Nahida Lazarus (February 3, 1849 – January 17, 1928) was a German–Jewish author, essayist, scholar, and literary critic. She was born in Berlin into a German Christian family. She was married first to Dr. Max Remy (in her writings she still signed herself Nahida Remy), after whose death she became a convert to Judaism and married the German philosopher Professor Moritz Lazarus in 1895.

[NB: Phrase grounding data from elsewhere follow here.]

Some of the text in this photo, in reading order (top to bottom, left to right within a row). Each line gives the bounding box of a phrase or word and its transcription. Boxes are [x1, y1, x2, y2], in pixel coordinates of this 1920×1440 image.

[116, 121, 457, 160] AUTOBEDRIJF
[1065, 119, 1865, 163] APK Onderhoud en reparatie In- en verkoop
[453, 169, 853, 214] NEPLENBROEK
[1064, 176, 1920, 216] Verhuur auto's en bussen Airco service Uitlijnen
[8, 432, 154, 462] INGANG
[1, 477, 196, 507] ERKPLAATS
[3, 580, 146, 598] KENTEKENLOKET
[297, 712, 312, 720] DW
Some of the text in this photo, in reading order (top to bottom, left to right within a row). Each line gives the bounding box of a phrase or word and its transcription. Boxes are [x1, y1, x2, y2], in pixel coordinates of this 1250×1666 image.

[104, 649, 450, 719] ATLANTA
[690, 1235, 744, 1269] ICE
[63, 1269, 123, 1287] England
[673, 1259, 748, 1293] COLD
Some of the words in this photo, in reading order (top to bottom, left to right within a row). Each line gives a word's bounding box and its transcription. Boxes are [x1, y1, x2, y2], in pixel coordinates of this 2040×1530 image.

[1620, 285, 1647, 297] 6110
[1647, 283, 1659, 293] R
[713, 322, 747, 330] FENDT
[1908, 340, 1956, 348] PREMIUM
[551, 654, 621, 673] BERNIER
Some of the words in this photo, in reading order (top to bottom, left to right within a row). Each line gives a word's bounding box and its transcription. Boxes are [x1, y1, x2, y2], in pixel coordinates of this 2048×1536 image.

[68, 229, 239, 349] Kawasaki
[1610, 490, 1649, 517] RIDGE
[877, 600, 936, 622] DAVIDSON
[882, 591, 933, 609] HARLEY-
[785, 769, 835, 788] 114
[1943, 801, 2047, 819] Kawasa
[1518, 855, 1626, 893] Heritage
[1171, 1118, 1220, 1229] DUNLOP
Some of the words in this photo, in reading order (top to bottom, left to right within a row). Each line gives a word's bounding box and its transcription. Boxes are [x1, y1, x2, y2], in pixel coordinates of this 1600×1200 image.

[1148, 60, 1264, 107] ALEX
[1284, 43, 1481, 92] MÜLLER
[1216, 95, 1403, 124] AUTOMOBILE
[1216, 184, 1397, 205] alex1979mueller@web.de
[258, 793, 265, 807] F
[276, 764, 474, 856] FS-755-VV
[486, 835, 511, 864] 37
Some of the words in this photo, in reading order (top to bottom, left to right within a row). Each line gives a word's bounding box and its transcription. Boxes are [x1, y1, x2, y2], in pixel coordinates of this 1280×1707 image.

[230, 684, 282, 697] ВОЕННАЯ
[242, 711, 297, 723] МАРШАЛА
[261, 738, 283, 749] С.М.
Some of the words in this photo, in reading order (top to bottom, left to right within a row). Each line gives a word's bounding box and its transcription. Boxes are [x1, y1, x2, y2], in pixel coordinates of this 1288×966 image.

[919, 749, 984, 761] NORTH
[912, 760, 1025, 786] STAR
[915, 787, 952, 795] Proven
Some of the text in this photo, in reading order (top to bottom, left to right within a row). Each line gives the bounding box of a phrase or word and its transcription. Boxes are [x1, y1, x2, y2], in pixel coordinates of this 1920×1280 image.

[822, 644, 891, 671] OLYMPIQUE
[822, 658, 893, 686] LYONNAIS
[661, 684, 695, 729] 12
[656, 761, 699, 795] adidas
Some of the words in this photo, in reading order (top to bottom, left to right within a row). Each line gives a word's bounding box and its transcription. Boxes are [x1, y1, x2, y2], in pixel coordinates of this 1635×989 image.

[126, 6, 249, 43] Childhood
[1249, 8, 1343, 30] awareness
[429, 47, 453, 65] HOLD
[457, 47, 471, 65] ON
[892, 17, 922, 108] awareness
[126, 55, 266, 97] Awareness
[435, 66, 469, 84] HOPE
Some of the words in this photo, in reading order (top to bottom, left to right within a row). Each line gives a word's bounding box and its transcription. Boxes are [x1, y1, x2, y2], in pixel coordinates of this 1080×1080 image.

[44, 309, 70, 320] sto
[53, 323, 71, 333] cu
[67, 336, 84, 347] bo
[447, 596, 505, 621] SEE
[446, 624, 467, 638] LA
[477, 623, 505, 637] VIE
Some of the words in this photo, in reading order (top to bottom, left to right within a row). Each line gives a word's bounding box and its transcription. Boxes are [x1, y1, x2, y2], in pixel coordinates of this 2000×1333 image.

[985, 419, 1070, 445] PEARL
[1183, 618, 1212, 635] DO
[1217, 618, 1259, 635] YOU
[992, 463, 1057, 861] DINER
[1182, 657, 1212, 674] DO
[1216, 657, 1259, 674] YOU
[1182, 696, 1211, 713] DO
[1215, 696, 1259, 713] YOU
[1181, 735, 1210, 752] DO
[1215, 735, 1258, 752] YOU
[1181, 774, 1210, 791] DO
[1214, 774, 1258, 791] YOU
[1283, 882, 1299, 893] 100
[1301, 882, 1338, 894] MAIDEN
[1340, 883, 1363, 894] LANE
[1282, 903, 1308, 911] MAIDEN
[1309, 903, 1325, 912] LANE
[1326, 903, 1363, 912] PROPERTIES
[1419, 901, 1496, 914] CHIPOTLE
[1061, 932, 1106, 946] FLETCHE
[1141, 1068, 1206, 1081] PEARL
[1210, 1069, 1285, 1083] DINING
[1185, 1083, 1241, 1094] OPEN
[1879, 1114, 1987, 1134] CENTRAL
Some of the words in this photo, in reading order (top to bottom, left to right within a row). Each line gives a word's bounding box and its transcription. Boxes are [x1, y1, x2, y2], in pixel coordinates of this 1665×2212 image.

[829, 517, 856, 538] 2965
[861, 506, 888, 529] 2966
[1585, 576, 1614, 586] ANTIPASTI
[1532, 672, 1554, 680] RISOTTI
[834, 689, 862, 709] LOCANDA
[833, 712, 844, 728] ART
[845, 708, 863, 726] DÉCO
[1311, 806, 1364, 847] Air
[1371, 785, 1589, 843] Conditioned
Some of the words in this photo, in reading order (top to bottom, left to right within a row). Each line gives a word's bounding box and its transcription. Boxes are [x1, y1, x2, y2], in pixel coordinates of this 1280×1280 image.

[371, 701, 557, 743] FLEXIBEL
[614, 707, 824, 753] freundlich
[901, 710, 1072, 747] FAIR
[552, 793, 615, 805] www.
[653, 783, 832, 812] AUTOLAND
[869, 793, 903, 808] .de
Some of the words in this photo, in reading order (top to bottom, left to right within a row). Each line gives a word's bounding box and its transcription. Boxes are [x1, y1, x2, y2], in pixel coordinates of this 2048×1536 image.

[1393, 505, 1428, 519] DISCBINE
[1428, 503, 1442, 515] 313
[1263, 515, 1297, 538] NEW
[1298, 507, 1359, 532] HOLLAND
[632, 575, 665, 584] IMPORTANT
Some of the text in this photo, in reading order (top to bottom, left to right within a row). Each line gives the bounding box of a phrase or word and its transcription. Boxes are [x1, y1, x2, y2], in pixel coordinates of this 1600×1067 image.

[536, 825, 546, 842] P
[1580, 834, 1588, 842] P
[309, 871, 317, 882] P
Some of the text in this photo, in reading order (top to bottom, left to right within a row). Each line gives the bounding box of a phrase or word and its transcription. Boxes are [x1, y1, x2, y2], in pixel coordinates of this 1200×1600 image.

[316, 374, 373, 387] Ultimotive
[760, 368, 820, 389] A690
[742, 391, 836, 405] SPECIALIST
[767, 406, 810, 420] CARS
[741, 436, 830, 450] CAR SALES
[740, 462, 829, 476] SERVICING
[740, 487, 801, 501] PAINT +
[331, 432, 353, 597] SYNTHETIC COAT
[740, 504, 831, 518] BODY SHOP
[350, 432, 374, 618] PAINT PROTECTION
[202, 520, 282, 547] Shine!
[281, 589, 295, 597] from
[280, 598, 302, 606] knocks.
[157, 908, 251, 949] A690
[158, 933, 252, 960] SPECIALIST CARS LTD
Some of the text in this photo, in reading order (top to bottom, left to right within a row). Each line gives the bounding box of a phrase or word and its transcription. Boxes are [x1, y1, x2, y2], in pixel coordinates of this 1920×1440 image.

Nahida Lazarus contributed many essays to the Vossische Zeitung, Monatszeitung, and Westermann's Monatshefte about history, art, sociology, and theatrical criticism. She was the author of several dramas, including Die Rechnung ohne Wirth (1870), Wo die Orangen blühen (1872), Constanze 1879, Die Grafen Eckardstein (1880), Schicksalswege (1880), Domenico, Nationale Gegensätze (1884), Sicilianische Novellen (1885), and Liebeszauber, (1887). She wrote the essays "Geheime Gewalten" in 1890, "Das Jüdische Weib" in 1892, "Das Gebet in Bibel und Talmud" in 1892, "Kulturstudien über das Judentum," in 1893, "Humanität im Judentum," in 1894. She wrote "Ich suchte Dich," an autobiography, in 1898. After the death of her husband, she prepared a volume of his "Lebenserinnerungen".